Manila is a model of urban efficiency in the montage that begins director Lino Brocka’s Manila in the Claws of Light. Shot in black-and-white, the Filipino capital embraces a new workday through a logical procession: a lone street-sweeper, a row of office workers, a cavalcade of jaywalkers and sensible sedans. Brocka’s wandering camera surveys the increasingly hectic streets until it finds a high-cheekboned idler. It stops to stare. The world blooms into color.
If the Manila of these first scenes runs like a well-oiled machine, that’s because it’s powered by an economic system that exploits the poor as thoroughly and anonymously as a meat-grinder exploits the cow. The intimate proletarian melodrama The Claws of Light succeeds where so many political allegories fail: With ethical and emotional sophistication, it dramatizes the suffering of the disadvantaged with characters that feel individual yet archetypal.
Routinely cited as the best film ever produced by the Philippines, Manila in the Claws of Light is the 1975 masterwork of Lino Brocka, the openly gay, formerly Mormon, briefly imprisoned anti-Marcos activist and Cannes darling who put Filipino cinema on the map.
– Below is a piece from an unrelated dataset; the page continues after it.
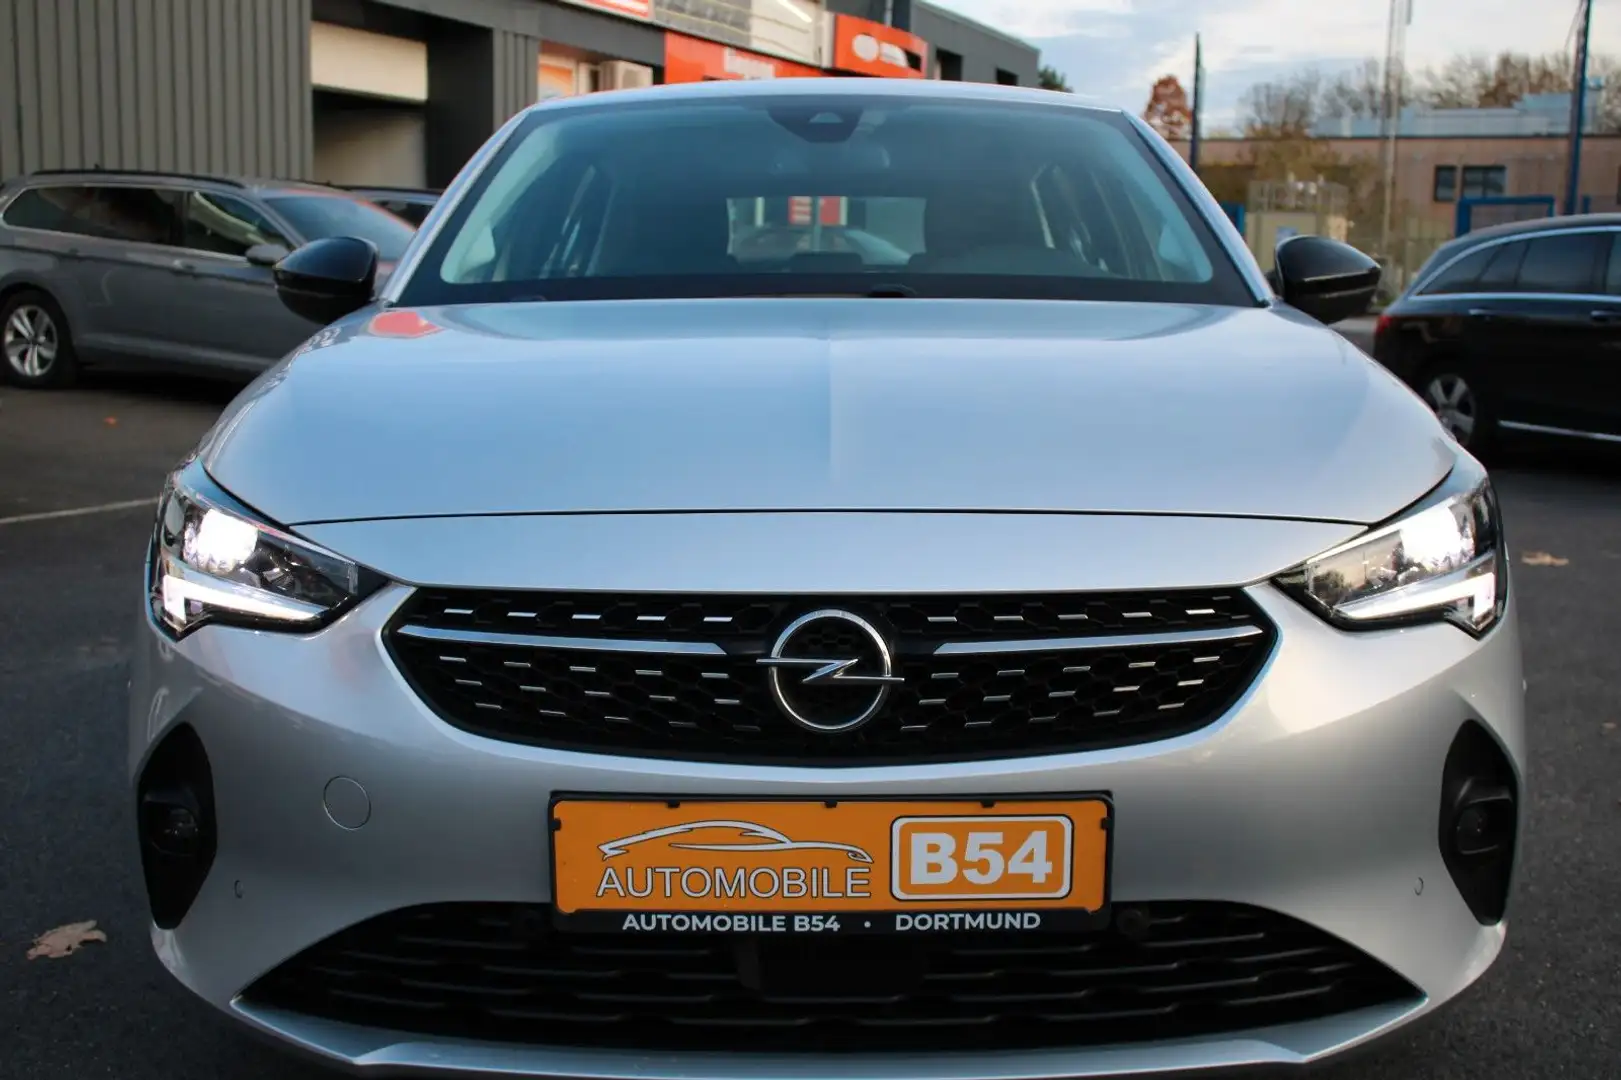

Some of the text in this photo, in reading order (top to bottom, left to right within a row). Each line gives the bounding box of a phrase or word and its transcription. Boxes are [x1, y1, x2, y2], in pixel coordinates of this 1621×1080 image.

[909, 830, 1053, 886] B54
[596, 866, 872, 900] AUTOMOBILE
[622, 912, 1041, 932] AUTOMOBILE B54 DORTMUND
The wildly prolific Brocka, who died in a car accident in 1991 at the age of 52, made more than 60 films during his two-decade-long career. (He was known to write and direct a movie within three weeks.) Most of Brocka’s works aren’t available outside of his native country; a full-scale restoration in 2013 has finally made The Claws of Light available to today’s audiences.
It’s aged well, for the most part. Morally urgent yet beguilingly sensual, the film finds its masterstroke in never allowing its 21-year-old protagonist, Julio (Bembol Roco), an easy path to heroism. He wasn’t idling in that opening after all, but observing the Chinese trading store across the street — the last known address of his missing childhood sweetheart, Ligaya (Hilda Koronel), whom he has come to the big city to find.
While his search continues, Julio takes the only job available to unskilled, uneducated probincianos like him: construction. He passes out from hunger the first day on the job, and his colleagues eagerly offer him a cigarette and part of their lunch. When night falls, he’s invited to sleep at the work site alongside the other laborers or at the home of one of his new friends in a shantytown. Unable to participate in the city they’re helping to build, the laborers rely on their own comradeship to get through each backbreaking day. They teach Julio how management nickel-and-dimes them, for instance, and this first half-hour lags because, as sympathetic as the men’s plights are, it also feels like a staging of a workers’ rights pamphlet called “Top 5 Signs of Wage Theft.”
Julio returns to the streets soon after he’s unexpectedly laid off from his new job. He receives more kindness from strangers — this time, from “call boy” Bobby (Jojo Abella), who brings Julio to his brothel. Julio had been steadfastly chaste for Ligaya, but he now hopes that, like Bobby, he can be gay for pay. Bobby counsels him to refrain from judgment: “My clients are people, too.”
After being introduced as “Julio, our Mexican beauty,” he’s shuttled into a room with a Filipino john — a swishy vulgarian who quickly doffs his clothes but keeps his ring and watch on. The john is gentle, but the power imbalance between the two is clear. When the client leans in for a kiss, it’s hard not to flinch when Julio does.
But Julio’s repulsion is solely his own. It’s Brocka’s movie, not Julio’s, and as a gay artist battling in the trenches against homophobia, the director achieves no small feat in divorcing his protagonist’s disgust from the film’s more complex portrayal of homosexuality. In this scene and in others, Roco is very much a male ingenue, with pillowy lips and a radiantly bronzed chest, and an earlier shot of Bobby servicing a customer affirms the potential splendor of gay desire — if only it weren’t greased up by sweaty peso bills. There’s something tragic about the initially off-putting john, too — the only companion he doesn’t have to pay by the hour is his crazy-eyed Pekingese.
Julio eventually reunites with Ligaya, to whom the fates (or bare-knuckled capitalism) have been far less kind. Since her arrival in Manila, Ligaya’s life has become so torturous that her story is more numbing than upsetting. The events are perfectly plausible, even predictable — yet it’s hard to connect with Ligaya’s pain. That’s partly because the character is such a paragon of victimhood that she seems more ghostly than alive, and partly because Koronel’s anesthetized performance edges Ligaya even closer toward a bird-boned fragility.
Their reunion is merely a prelude to Julio’s climactic explosion of rage. Though Brocka himself organized protests against the Marcos dictatorship, he rejects politics as the easy solution, focusing instead on how powerlessness can chip away at one’s humanity. The Claws of Light is a perceptive and terrifying look at the emotional costs of poverty and how those effects ripple across society. Don’t cry for Manila, though; the people at the top have already figured out how to smooth out the rumblings at the bottom. It’s how the trains run on time.